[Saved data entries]
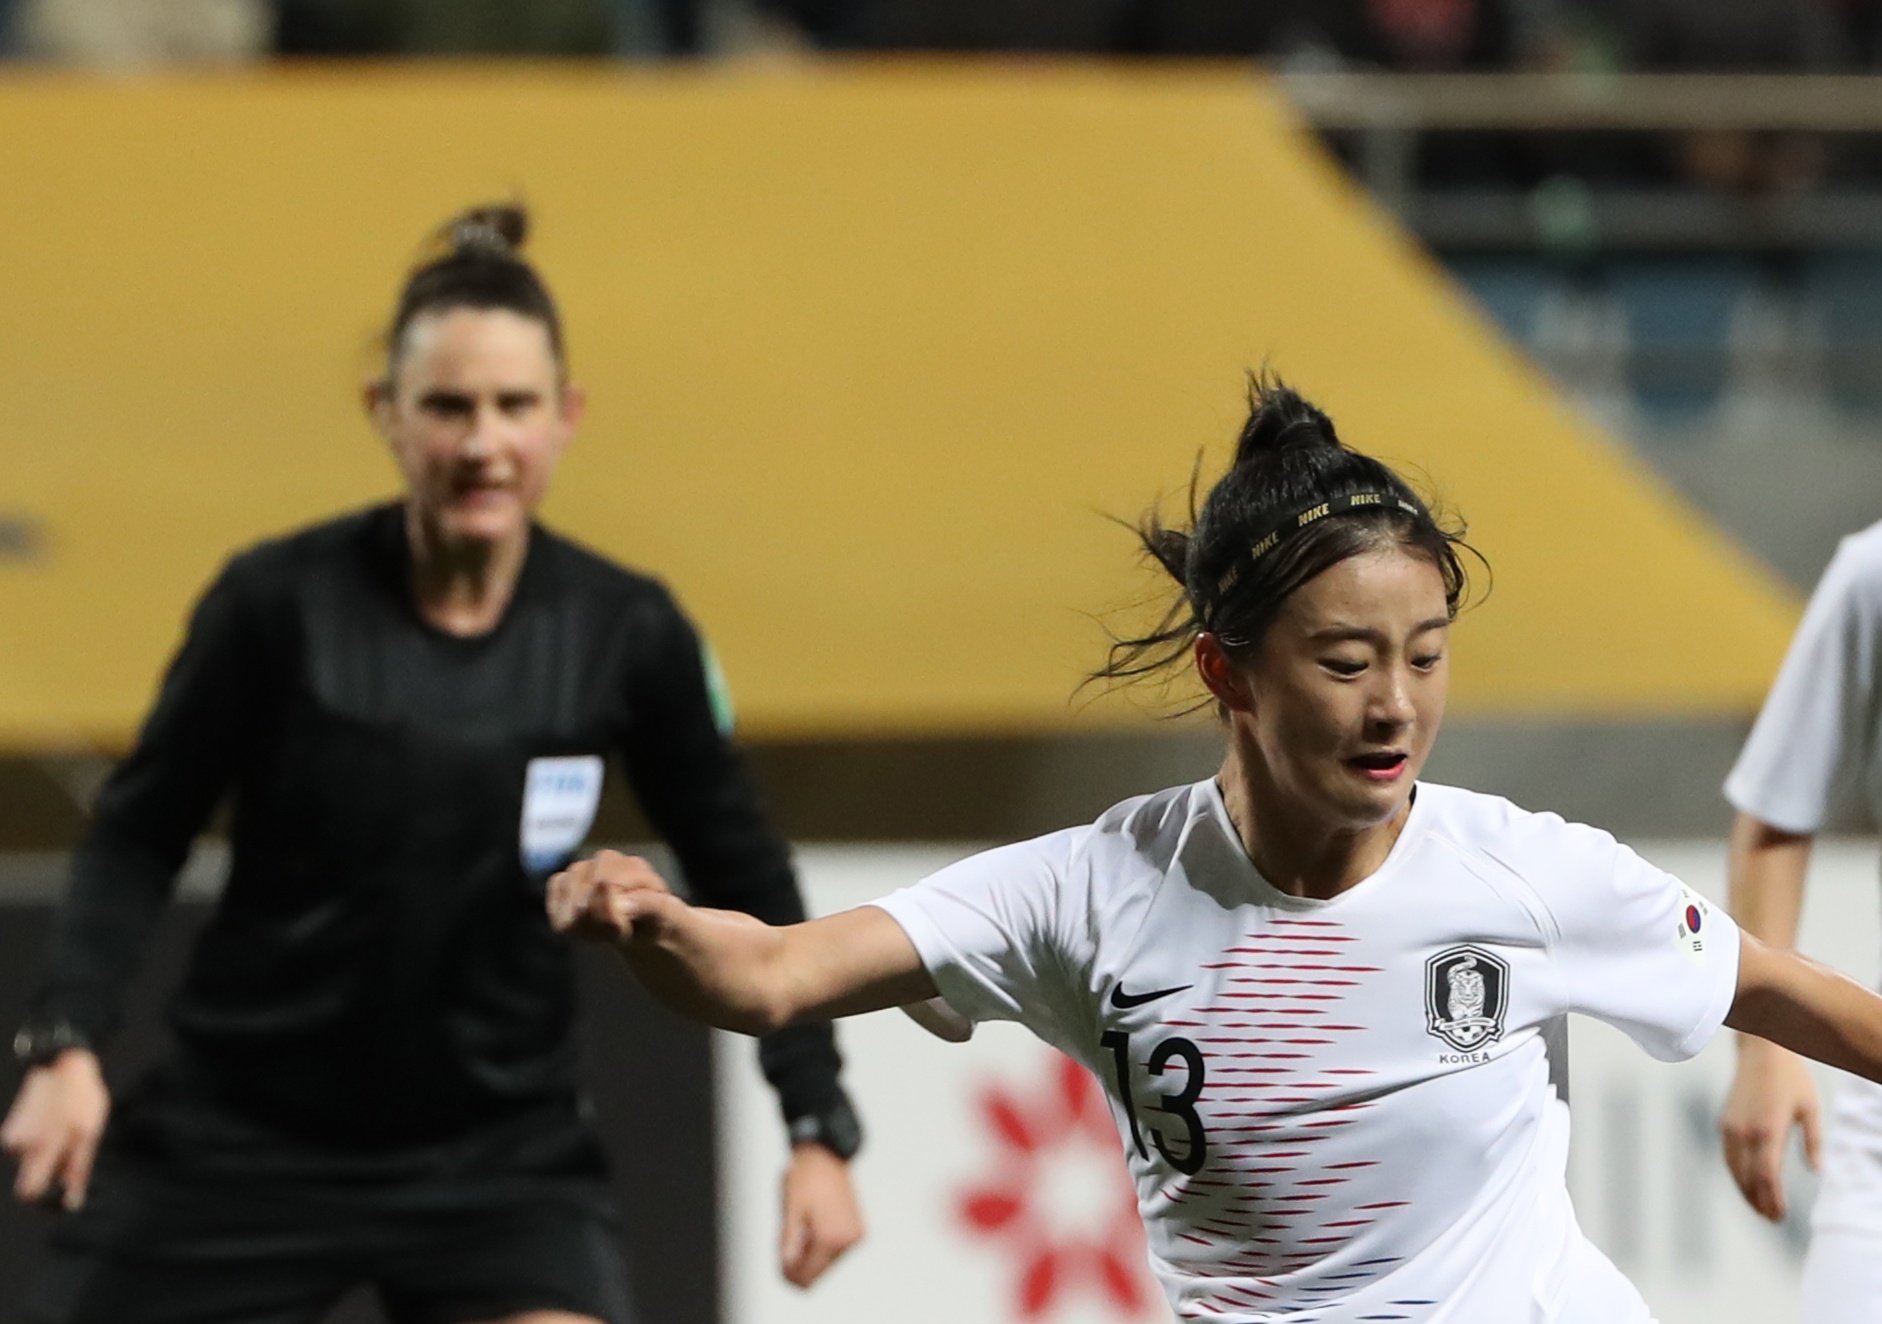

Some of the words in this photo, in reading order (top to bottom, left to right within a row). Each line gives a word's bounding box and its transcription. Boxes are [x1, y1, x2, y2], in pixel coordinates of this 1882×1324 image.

[1252, 531, 1279, 559] NIKE
[1299, 503, 1330, 526] NIKE
[1351, 494, 1381, 505] NIKE
[1439, 1051, 1491, 1065] KOREA
[1100, 1030, 1206, 1176] 13

Prompt. Leave the pictures out and copy the rest of the data exactly.

Your response.
Some of the words in this photo, in reading order (top to bottom, left to right within a row). Each line gives a word's bounding box and its transcription. Boxes are [x1, y1, x2, y2], in pixel coordinates of this 1882×1324 image.

[1252, 531, 1279, 559] NIKE
[1299, 503, 1330, 526] NIKE
[1351, 494, 1381, 505] NIKE
[1439, 1051, 1491, 1065] KOREA
[1100, 1030, 1206, 1176] 13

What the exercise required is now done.